Rensselaer Research Review Fall 2010
Lee Ligon cancer research
* Lee Ligon
Assistant Professor Lee Ligon
Department of Biology
Researchers Make Strides in Disease Prevention and
Drug Development

Rensselaer researchers are working on a number of fronts to facilitatedrug development and disease prevention from investigating interactions between cells as breast cancer spreads within the body, to the study of proteins in fighting osteoporosis, to the use of NMR to study of the protein purification process to increase efficiency in drug production.

Assistant Professor Lee Ligon's research on the interactions between cells as breast cancer spreads within the body is being furthered by the Research Scholar Grant from the American Cancer Society. The grant includes a four-year $720,000 award.

“We’re trying to figure out how cancerous and non-cancerous cells communicate with each other, how they bind to each other, and what the consequences of those interactions are,” Ligon said.

Ligon studies cadherins, proteins that cause cells to adhere to one another, allowing cells to form organs and other structures. Different cadherins are expressed by different cells, each for its proper function.

“Cells have to stick together appropriately and if they express the same cadherin they will,” Ligon said. “But that only works in the normal situation when cells are sticking to cells that they’re supposed to stick to. We’re interested in the situation in tumors.”

More than 90 percent of all cancers, Ligon said, originate in epithelial cells — cells that form barriers between the inside and outside of the body, like skin cells, or the cells that line the intestines, or milk ducts in the breasts.

Because epithelial cells form a barrier between the inside and outside of the body, they must renew themselves more frequently than many other kinds of cells — like muscle or nerve cells. That presents more opportunity for abnormal cell division and cancer.

Most breast cancers originate in the epithelial cells that line milk ducts. In the early stages of the disease, the epithelial cells begin to grow abnormally, but are still confined within the lining of the milk ducts. At that point, the cancerous growth can still be excised with a surgeon’s knife.
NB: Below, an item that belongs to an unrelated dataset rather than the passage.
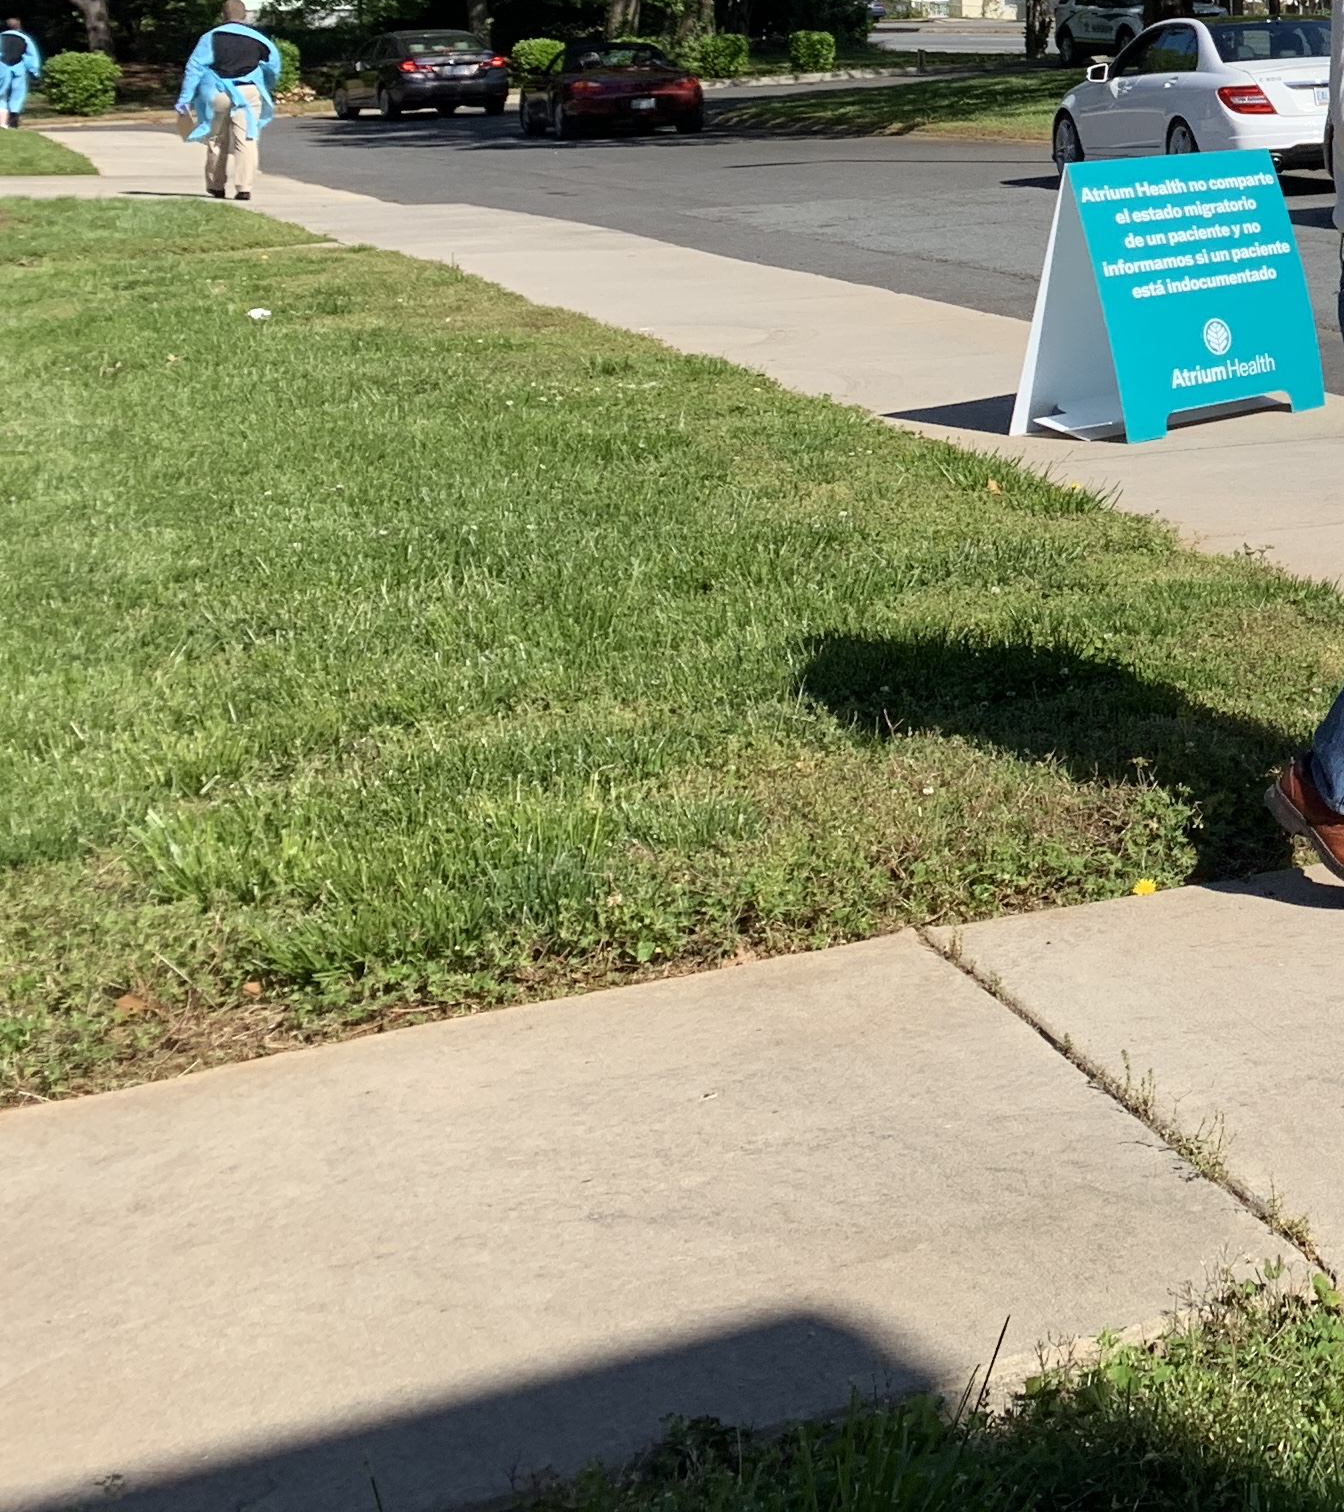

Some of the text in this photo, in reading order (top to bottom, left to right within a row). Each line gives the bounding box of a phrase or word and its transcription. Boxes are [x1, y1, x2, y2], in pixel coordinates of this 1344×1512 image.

But with continued growth, the cancerous cells break through the barrier between the lining and the surrounding tissue — the stroma — at which point they come into contact with a different type of cell called fibroblasts. Now the cancer is progressing into the body. Unchecked, it will reach the bloodstream at which point it becomes far more difficult to treat. 

“Researchers Make Strides in
Disease Prevention and Drug Development”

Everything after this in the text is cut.